> _Extracted material_:
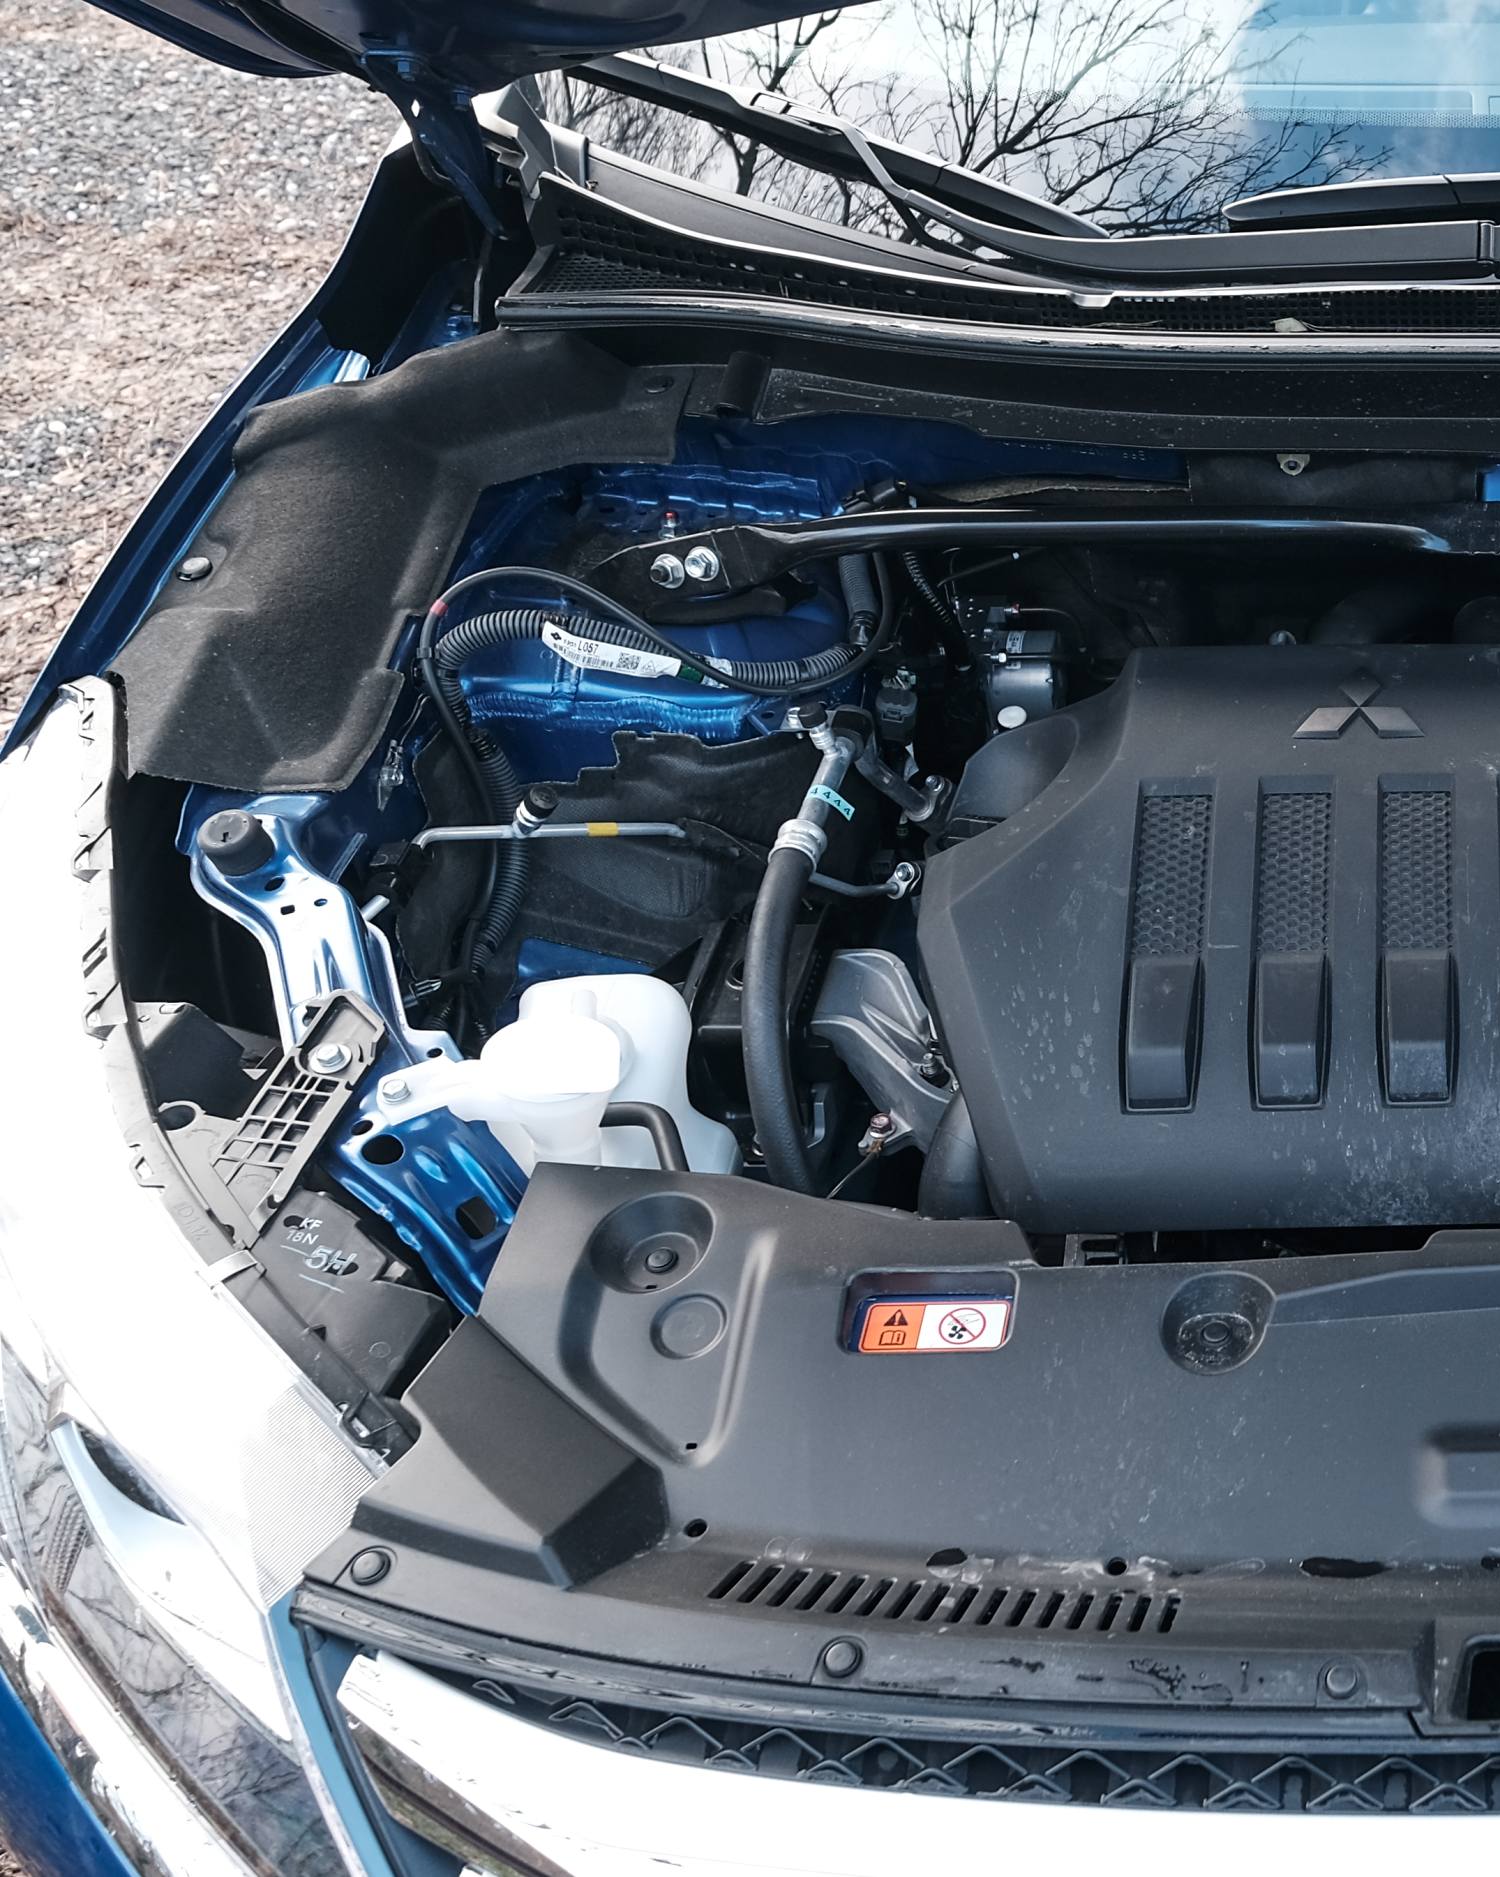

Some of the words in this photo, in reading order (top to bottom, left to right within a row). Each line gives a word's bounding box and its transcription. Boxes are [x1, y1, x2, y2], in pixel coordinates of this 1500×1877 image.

[577, 640, 599, 655] L057
[300, 1217, 323, 1229] KF
[286, 1230, 319, 1245] 18N
[304, 1245, 358, 1275] 5H

> _Assigned task_: All of the material above is to be retyped exactly, with no pictures included.

> _Solution_:
Some of the words in this photo, in reading order (top to bottom, left to right within a row). Each line gives a word's bounding box and its transcription. Boxes are [x1, y1, x2, y2], in pixel coordinates of this 1500×1877 image.

[577, 640, 599, 655] L057
[300, 1217, 323, 1229] KF
[286, 1230, 319, 1245] 18N
[304, 1245, 358, 1275] 5H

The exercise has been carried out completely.